The Night That Finds Us All, page 19
“Let me make a guess,” I say. “All this baroque crap on this piece of shit boat brought us here?”
Maybe it wants to chat. Maybe it wants to crow. Maybe I can interest it long enough. After all, we fucked, didn’t we? Was that Seabees or this fucking thing? It had to be Seabees.
“Not quite,” the thing says in a prim and proper British accent. “Every ritual has its forms. But it is mostly intention.” It allows Hank to drop to the deck and Hank gasps. He clutches at his nuts, which took the brunt of his weight while she was dangling him about. “And blood.”
“I found Big Threve in the bilge,” I say. “Funny how your ‘ritual’ just looks like murder.”
“And yet look around you. Are we not here?” It raises its arms and gestures to the horizon, the strange wake. Above, the tatters of sails hang limply, yet we still move.
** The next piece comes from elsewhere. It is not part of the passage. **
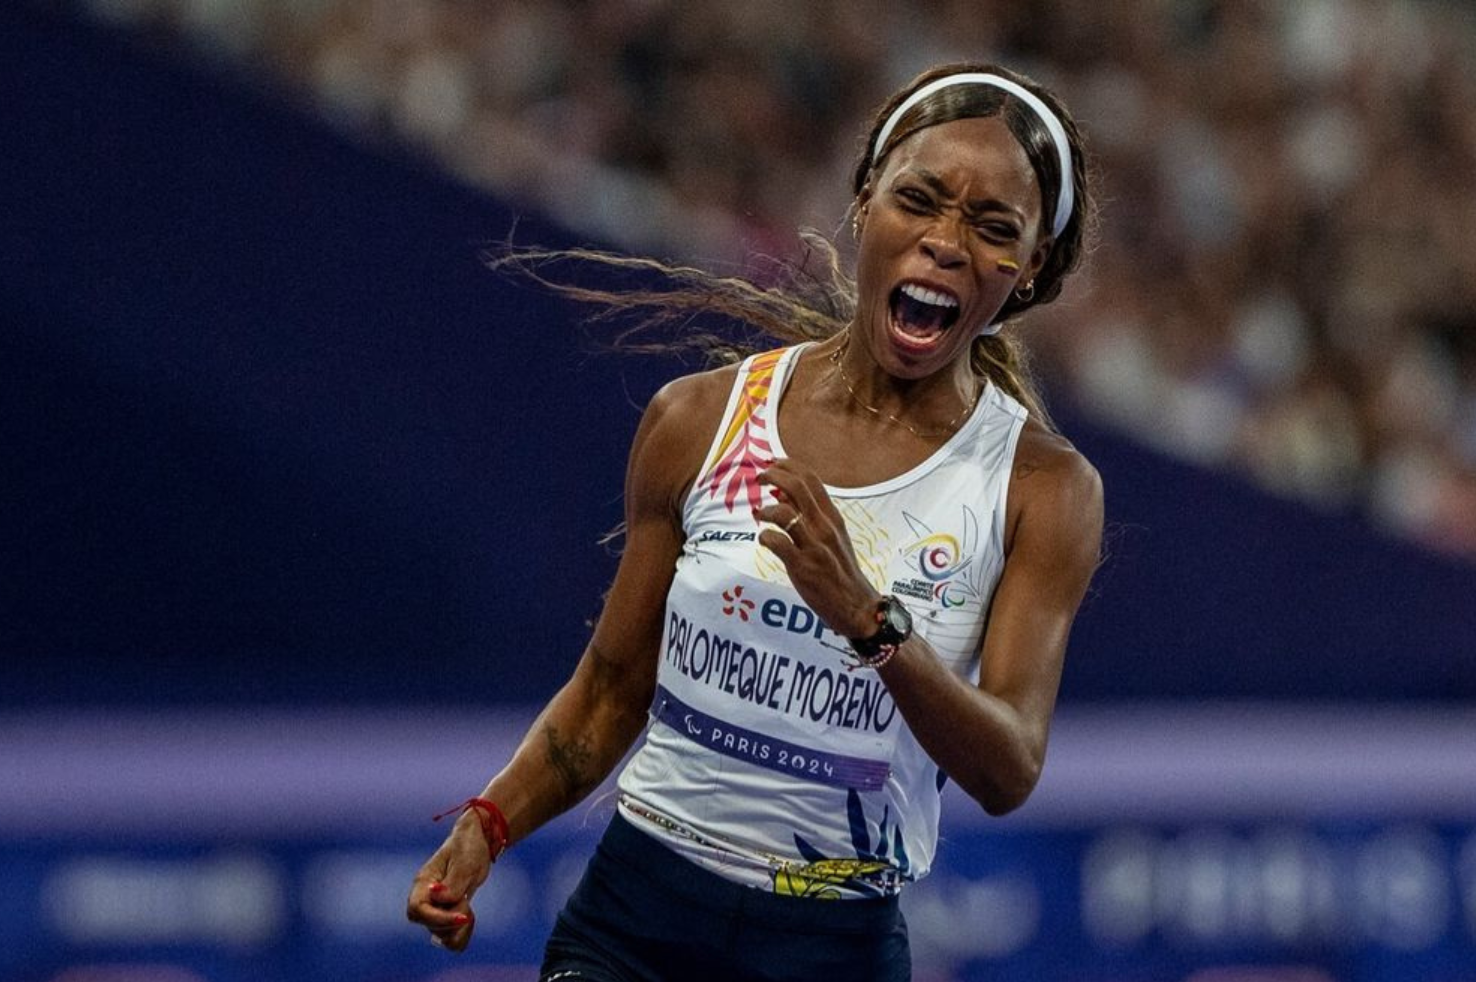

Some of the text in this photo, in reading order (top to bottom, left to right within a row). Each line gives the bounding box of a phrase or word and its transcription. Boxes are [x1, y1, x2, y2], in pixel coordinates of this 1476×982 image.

[699, 530, 756, 542] SAETA
[666, 611, 895, 733] PALOMEQUE MORENO
[711, 728, 833, 777] PARIS 2024
There is something moving in the water. Something massive. It broaches the surface and my mind struggles to understand it. It is too big for comprehension. A submarine the size of an island? It’s black and glistening. I have seen an intimation of it before. An echo, maybe. Maybe whatever this thing is was dreaming and its dream fucked with the Blackwatch and that’s what heeled us over outside of Sint Maarten. It twists and coils. It’s connected to something larger. I can feel my mind skittering away from thinking about it too hard.
Thankfully, the thing that was Seabees comes close enough, drawing my attention away from the surface of this distant ocean. I can feel strange emanations coming from her. Him. It. Whatever. Reverberations, as though Seabees and the thing and the amalgam that they have become are a bell after being struck. Bell, book, and candle.
“Another guess for you,” I say, casting my mind back to the book and papers and poor Hank’s clients. “Your name isn’t Seabees or whatever. It’s Ashwell, isn’t it?”
“I knew there was a reason to keep you as a witness,” it says. “And Sarahbelle—who you know as Seabees—is very much possessed of the Ashwell blood.”
“Figured,” I say. “And you’ve just been haunting this boat for what? A hundred years?”
The thing laughs. It’s that mirthless laugh I heard at the harbor in Puget Sound when I was in the library, fighting against the urge to drink down that bottle of rum. Remember.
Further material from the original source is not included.